Günümüzde, “çevre dostu, ekolojik, yeşil ürün, yeşil ambalaj” vb gibi belirsiz, doğrulanabilirliği düşük, bilimsel verilerle desteklenmeyen ve amacı sadece tüketicileri etkilemek olan ürün tanıtım başlıkları ve reklamları mevcuttur. Tüm bu çalışmalar, müşterilerde sürdürülebilir marka imajı uyandırmak için yapılmaktadır. Fakat hakiki manada sürdürülebilir olan markalar, tüketicilere verdikleri bu mesajların ve gösterişli ürün etiketlerinin altını doldurabilirler.
Bu bağlamda, tüm değer zincirinin çevresel ayak izini hesaplar, doğrular, raporlar ve yayınlarlar. Tedarik zincirinde sosyal uygunluğa önem verirler ve sadece sosyal performansı yüksek tedarikçilerle çalışırlar. Modern teknolojiyi tüm süreçlerine olabildiğince entegre edip ileriye dönük yatırımlar yaparlar ve uzun vadede kârlılığını artırmayı başarabilirler. Bu markaların kurumsal imajının çok güçlü ve piyasadaki rekabet gücünün çok yüksek olduğunu rahatlıkla görebiliriz.

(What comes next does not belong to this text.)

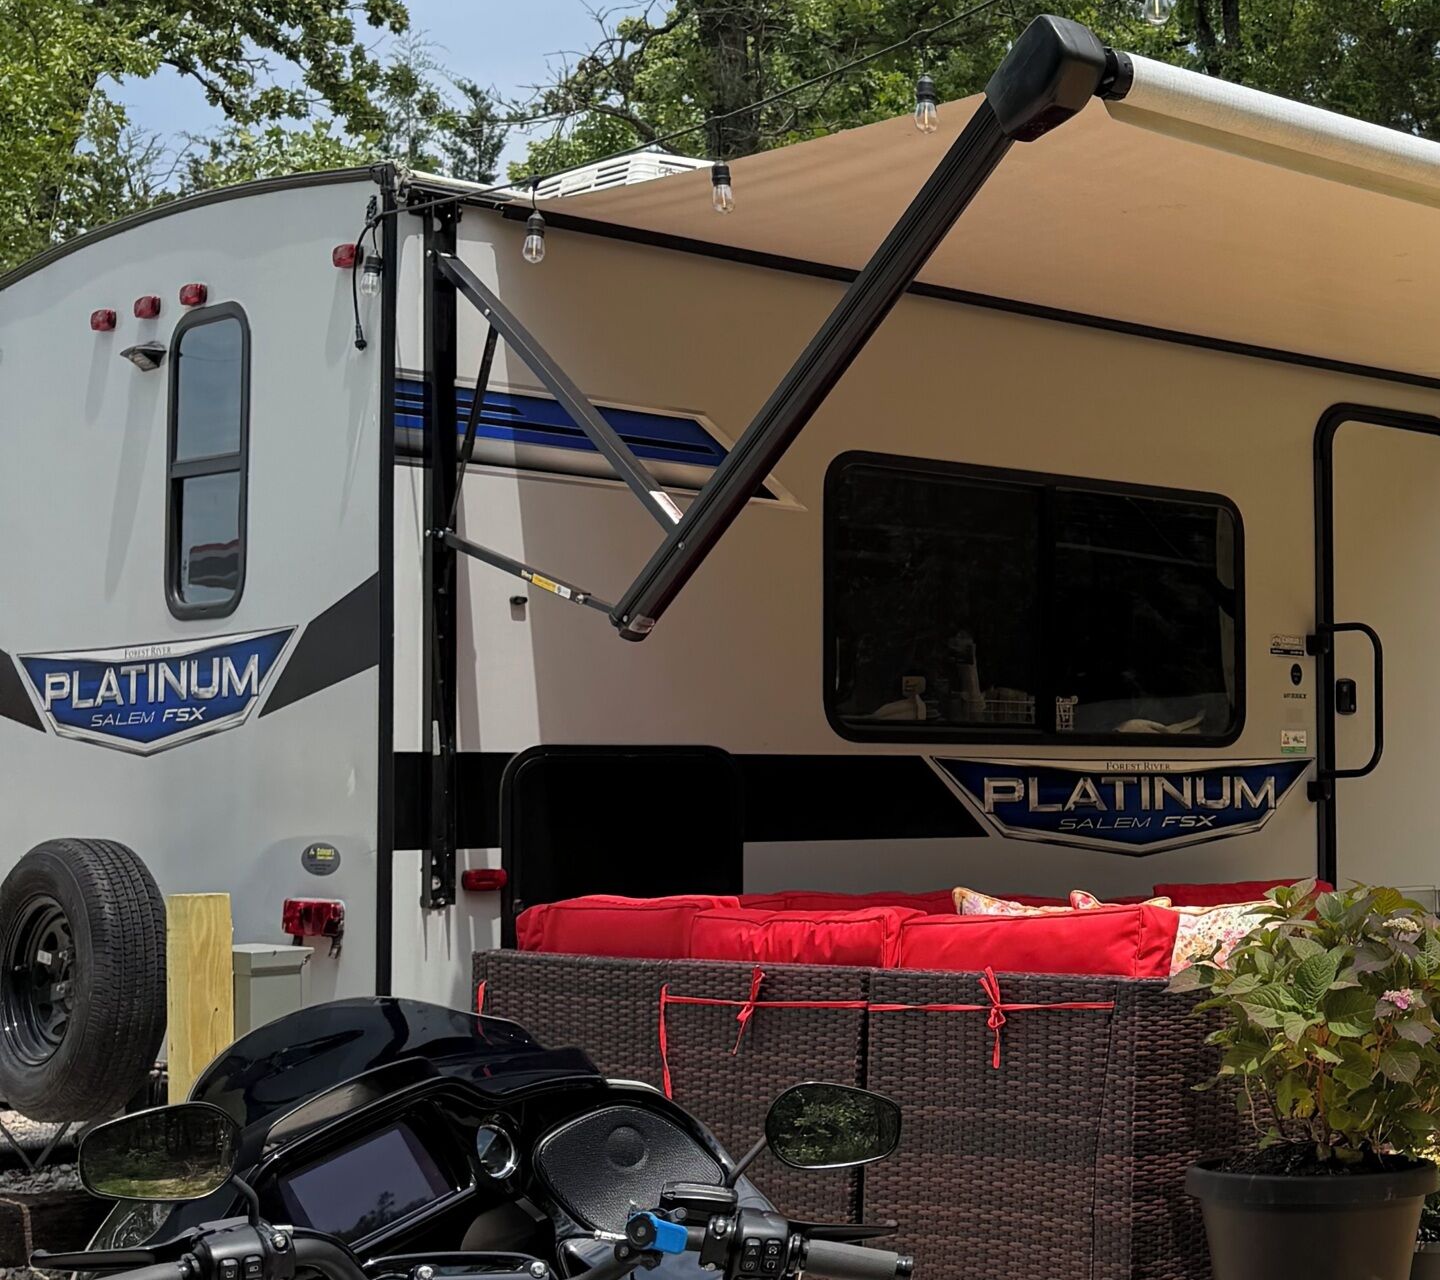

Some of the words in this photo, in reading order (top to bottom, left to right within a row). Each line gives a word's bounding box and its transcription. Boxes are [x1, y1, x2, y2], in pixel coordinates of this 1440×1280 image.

Sürdürülebilir bir marka olmak isteyen kuruluşların neler yapması gerektiği konusunda sürdürülebilirlik odağından kopmamak koşuluyla farklı listeler hazırlanabilir, farklı görüş ve öneriler sunulabilir. Fakat bu hedefi koyan ve motivasyonu yüksek bir çalışan bir markanın şu konulara azami derecede dikkat etmesi gerektiğini söylemek mümkündür:
• Sürdürülebilir markalar müşterilerine sunduğu ürün ve hizmetlerin yaşam döngüsü boyunca neden olduğu sosyal ve ekolojik etkilerini doğru bir şekilde tespit edip şeffaf bir şekilde raporlamalıdır. Daha sonra bu etkilerin nasıl oluştuğuna odaklanmalı ve temel sorunları bulmalıdır. Bu da ancak ürün yaşam döngüsünün tüm adımlarının analiz edilmesiyle mümkündür. Bu markalar, kağıt üzerinde hedef koyup taahhüt vermekle kalmaz, bunları hızlı bir şekilde hayata geçirir. Örneğin, sera gazı emisyonlarını azaltma hedefi doğrultusunda ISO 14064 kurumsal karbon ayak izi standardını kullanır ve sonuçlarını bağımsız üçüncü taraf kuruluşlar ile doğrular. Amfori BSCI, ETI, SAI, WRAP, SEDEX vb gibi sosyal uygunluk denetim metodolojilerinden birini kullanır ve tedarikçilerinin sosyal uygunluğunu akredite kuruluşlar aracılığıyla denetler ve tesciller.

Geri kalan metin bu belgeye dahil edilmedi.